For IPv4, the parameter is ignored since Linux 3.6. For IPv6, this is the size of the routing cache. If you have more than 4096 active hosts, Linux will aggressively try to run garbage collection, eating CPU. In this case, increase both net.ipv6.route.max_size and net.ipv6.route.gc_thresh. That's a pity, but this value is not easily observable, so it's hard to know when you hit it. Also, while IPv4 recently got the ability back to enumerate the cache, this is not the case for IPv6. This setting is a bit confusing as it is not documented and in the past, it was limiting the whole IPv6 route table (before Linux 3.0). -- Write clearly - don't sacrifice clarity for "efficiency". - The Elements of Programming Style (Kernighan & Plauger)
Hi Vincent, On lun. 2 déc. 21:38:21 2019, Vincent Bernat wrote:
For IPv6, this is the size of the routing cache. If you have more than 4096 active hosts, Linux will aggressively try to run garbage collection, eating CPU. In this case, increase both net.ipv6.route.max_size and net.ipv6.route.gc_thresh.
Do you know what are the risks when we raise those parameters? A bit more RAM consumption? Regards, -- Alarig
❦ 2 décembre 2019 21:58 +01, Alarig Le Lay <alarig@swordarmor.fr>:
For IPv6, this is the size of the routing cache. If you have more than 4096 active hosts, Linux will aggressively try to run garbage collection, eating CPU. In this case, increase both net.ipv6.route.max_size and net.ipv6.route.gc_thresh.
Do you know what are the risks when we raise those parameters? A bit more RAM consumption?
You are mostly safe with RAM. Increasing the value to 512k would eat 256MB of RAM. However, if an attacker is still able to overflow the cache, it is costly in term of CPU. This is a bit similar to the route cache for IPv4, so you need to play with threshold, interval and timeout to try to keep CPU usage down, but ultimately, a fast enough attacker can do a lot of damage here.
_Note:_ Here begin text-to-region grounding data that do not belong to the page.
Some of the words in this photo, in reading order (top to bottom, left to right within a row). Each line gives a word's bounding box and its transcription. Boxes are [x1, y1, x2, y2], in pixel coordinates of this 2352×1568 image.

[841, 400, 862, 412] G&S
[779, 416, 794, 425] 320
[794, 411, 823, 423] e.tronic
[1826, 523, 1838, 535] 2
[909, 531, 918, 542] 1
I don't have real-life experience with this aspect. Also, from 4.2, the cache entries are only created for exceptions (PMTU notably). So, in fact, the initial value should be mostly safe. You can monitor it with `/proc/net/rt6_stats`. This is the before last value. If you can share what you have, I would be curious to know how low it is (compared to the 4th entry notably). -- Writing is turning one's worst moments into money. -- J.P. Donleavy
❦ 2 décembre 2019 22:48 +01, Vincent Bernat <bernat@luffy.cx>:
Also, from 4.2, the cache entries are only created for exceptions (PMTU notably). So, in fact, the initial value should be mostly safe. You can monitor it with `/proc/net/rt6_stats`. This is the before last value. If you can share what you have, I would be curious to know how low it is (compared to the 4th entry notably).
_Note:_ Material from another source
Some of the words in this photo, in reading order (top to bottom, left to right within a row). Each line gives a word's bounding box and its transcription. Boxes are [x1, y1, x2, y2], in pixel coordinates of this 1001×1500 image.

Just to be clear: I did forget this fact and therefore my initial recommendation to increase max_size with more than 4096 active hosts does not apply anymore (as long as you have a 4.2+ kernel). Keep the default value and watch `/proc/net/rt6_stats`. -- Program defensively. - The Elements of Programming Style (Kernighan & Plauger)
On 02/12/2019 23:04, Vincent Bernat wrote:
Just to be clear: I did forget this fact and therefore my initial recommendation to increase max_size with more than 4096 active hosts does not apply anymore (as long as you have a 4.2+ kernel). Keep the default value and watch `/proc/net/rt6_stats`.
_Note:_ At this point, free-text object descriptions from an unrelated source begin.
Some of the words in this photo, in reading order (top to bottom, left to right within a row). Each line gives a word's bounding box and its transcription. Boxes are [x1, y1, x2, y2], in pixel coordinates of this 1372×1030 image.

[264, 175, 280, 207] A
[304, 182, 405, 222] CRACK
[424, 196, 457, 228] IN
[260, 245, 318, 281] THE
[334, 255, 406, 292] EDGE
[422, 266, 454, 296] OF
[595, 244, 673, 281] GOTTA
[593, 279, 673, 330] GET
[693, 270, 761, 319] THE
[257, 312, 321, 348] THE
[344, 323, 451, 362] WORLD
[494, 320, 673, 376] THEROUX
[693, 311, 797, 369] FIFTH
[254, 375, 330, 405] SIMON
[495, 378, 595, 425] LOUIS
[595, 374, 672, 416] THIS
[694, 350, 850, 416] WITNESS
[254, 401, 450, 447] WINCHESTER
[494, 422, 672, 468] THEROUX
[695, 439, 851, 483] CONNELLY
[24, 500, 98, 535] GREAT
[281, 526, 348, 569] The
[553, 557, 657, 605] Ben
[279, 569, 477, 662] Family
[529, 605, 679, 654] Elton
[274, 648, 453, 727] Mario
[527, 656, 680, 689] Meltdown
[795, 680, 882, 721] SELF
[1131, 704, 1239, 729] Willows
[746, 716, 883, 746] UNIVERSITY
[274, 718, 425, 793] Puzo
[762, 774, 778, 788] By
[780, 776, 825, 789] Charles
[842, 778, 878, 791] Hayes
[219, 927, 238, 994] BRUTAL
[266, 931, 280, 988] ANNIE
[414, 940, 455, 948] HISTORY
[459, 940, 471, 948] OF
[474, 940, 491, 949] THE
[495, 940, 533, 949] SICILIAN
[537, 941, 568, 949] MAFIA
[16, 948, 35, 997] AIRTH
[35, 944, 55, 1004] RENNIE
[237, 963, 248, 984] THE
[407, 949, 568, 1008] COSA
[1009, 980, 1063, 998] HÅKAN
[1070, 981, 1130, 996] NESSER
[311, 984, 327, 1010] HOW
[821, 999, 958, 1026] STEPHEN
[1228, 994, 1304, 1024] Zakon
core01-arendal ~ # cat /proc/net/rt6_stats 0048 002c 5e56 0050 0000 0056 0020 It is supposed to be understandable? :D -- Alarig
❦ 3 décembre 2019 08:56 +01, Alarig Le Lay <alarig@swordarmor.fr>:
Just to be clear: I did forget this fact and therefore my initial recommendation to increase max_size with more than 4096 active hosts does not apply anymore (as long as you have a 4.2+ kernel). Keep the default value and watch `/proc/net/rt6_stats`.
core01-arendal ~ # cat /proc/net/rt6_stats 0048 002c 5e56 0050 0000 0056 0020
It is supposed to be understandable? :D
So, there is 0x56 entries in the cache. Isn't that clear? :) https://elixir.bootlin.com/linux/latest/source/net/ipv6/route.c#L6006 -- Modularise. Use subroutines. - The Elements of Programming Style (Kernighan & Plauger)
On mar. 3 déc. 09:40:31 2019, Vincent Bernat wrote:
So, there is 0x56 entries in the cache. Isn't that clear? :)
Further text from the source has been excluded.